IHK: Innenstädte haben realistische Chancen
Die Hoffnungen auf eine Rückkehr der Kunden in die Innenstädte hält auch IHK-Hauptgeschäftsführer Claudius Marx für berechtigt, denn die Menschen sehnten sich nach Monaten der Beschränkungen und des Rückzugs in die eigenen vier Wände nach einer Rückkehr in ihre Städte, nach „realen Erlebnissen“, nach Freizeitgestaltung und dem Treiben in den Städten: „Schon der vergangene Sommer hat uns gezeigt, dass die steigenden Temperaturen und ein Leben außerhalb von privaten Räumen auch das wirtschaftliche, kulturelle und soziale Leben in den Innenstädten befeuern.“ Die Fortschritte der Impfkampagne steigerten den Optimismus.
„Auf diese Sehnsucht gilt es, mit einem attraktiven Angebot zu reagieren. An dem Projekt „Revitalisierung der Innenstadt“ wird deshalb überall mit Kreativität und großem Engagement gearbeitet“, so Marx. Es gibt also gute Gründe, optimistisch zu sein, vor allem aber, durchzuhalten. Das Licht am Ende des Tunnels ist in eine realistische Nähe gerückt.

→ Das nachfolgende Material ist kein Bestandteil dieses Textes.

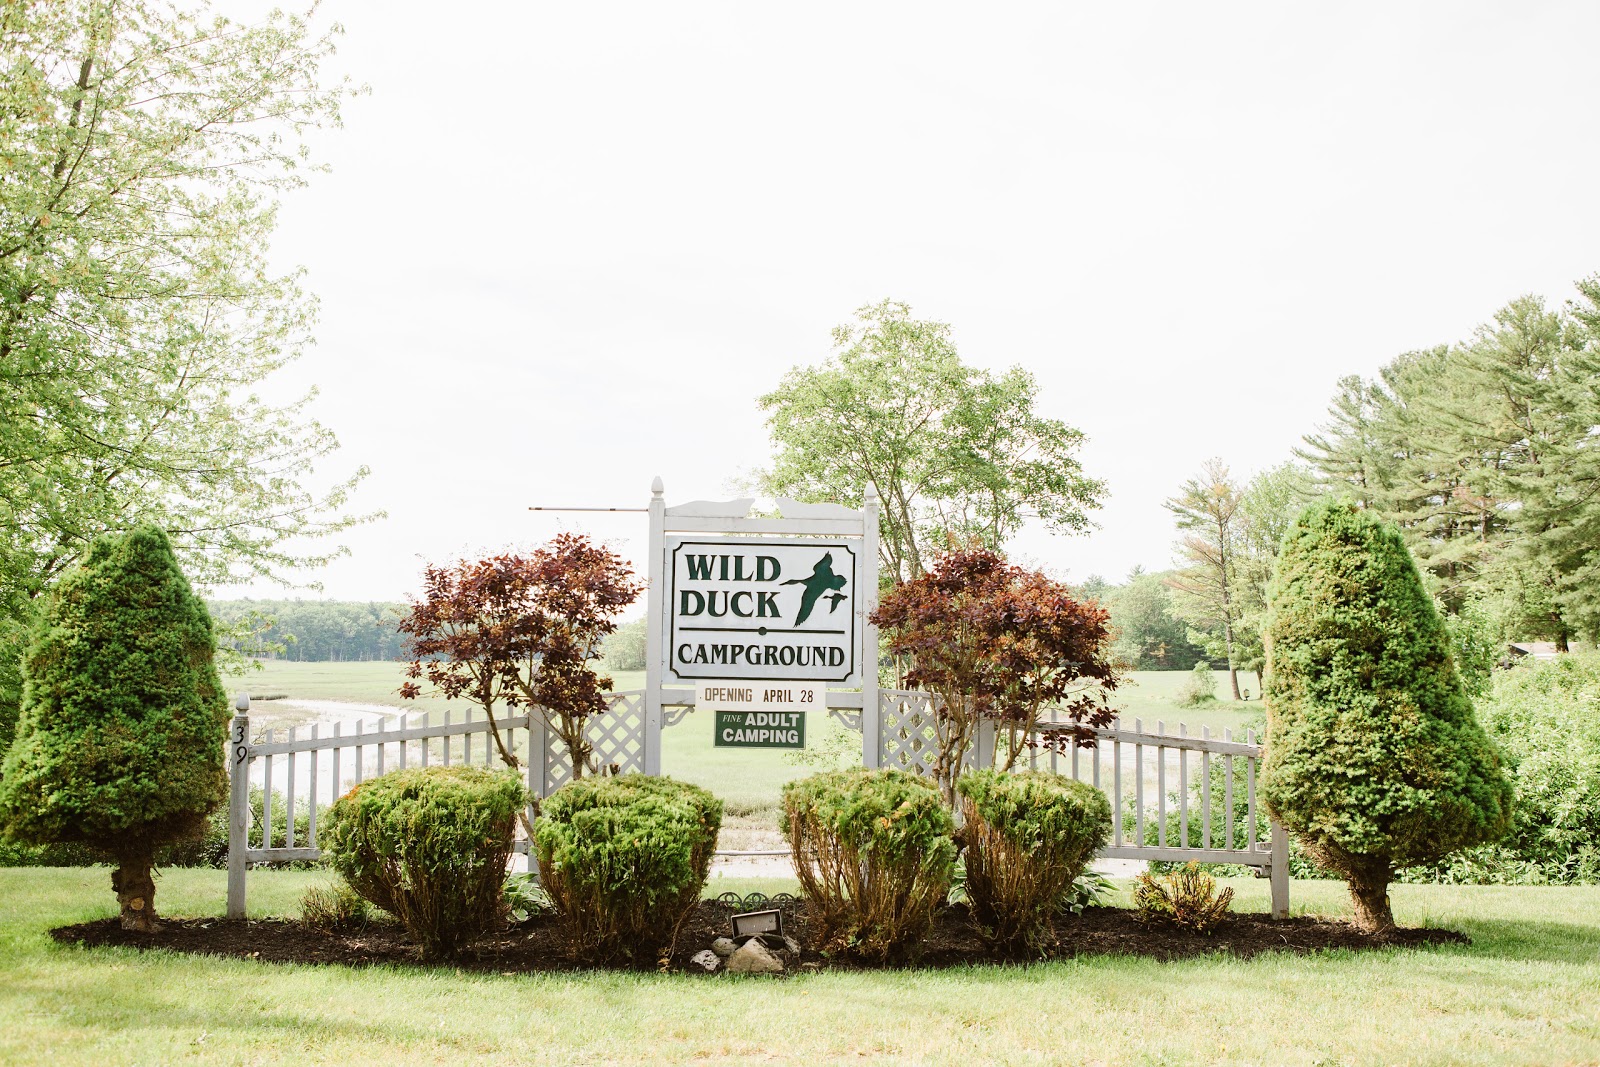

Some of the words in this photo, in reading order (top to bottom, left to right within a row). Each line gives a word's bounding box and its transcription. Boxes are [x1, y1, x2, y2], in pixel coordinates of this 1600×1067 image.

Gewisse Hoffnungen knüpfen die Verbände am Hochrhein auch an die Politik. „Das Regierungsprogramm der Landesregierung stimmt uns zuversichtlich. Da wird noch einiges passieren“, ist sich Thomas Wartner sicher.
Doch vor allem bedürfe es an Unterstützung des Bundes und des Landes bei Dingen wie Digitalisierung, der Gestaltung von Innenstädten oder schlicht für die Aktivitäten der Gewerbevereine: „Eine Pauschale für Events und Aktionen täte gerade in der jetzigen Situation dringend Not“, so Wartner.
Darüber hinaus erwartet aber zum Beispiel Niels Bosley auch ein gewisses Entgegenkommen staatlicher Stellen, wenn es um städtebauliche Maßnahmen gehe – oder eben um Fördermittel, die die Weiterentwicklung der Innenstädte unterstützen.
Politik: Austausch und Konsens erzielen
In diesem Zusammenhang zeigen sich auch der Waldshuter Landrat Martin Kistler wie auch die Abgeordnete Rita Schwarzelühr-Sutter zuversichtlich. Die Region verfüge über gute Ausgangsbedingungen und noch dränge die Zeit nicht.
Nun gelte es – gerade auch im Austausch mit möglich vielen Stellen und auf Basis eines gesellschaftlichen Konsens‘ – Pläne zu entwickeln wie die Attraktivität der Innenstädte erhalten und zukunftsfähig gemacht werden könne. Wie lassen sich neue Konzepte integrieren? Wie lassen sich zusätzliche Angebote schaffen? Wie lassen sich gesellschaftliche und kulturelle Treffpunkte etablieren? Das sind nach Schwarzelühr-Sutters Einschätzung Fragen, die beantwortet werden müssten, wolle man gute Perspektiven bieten und verhindern, dass die Städte in der Region in ähnlichem Maße ausbluten, wie es in anderen Teilen des Landes bereits geschehen sei.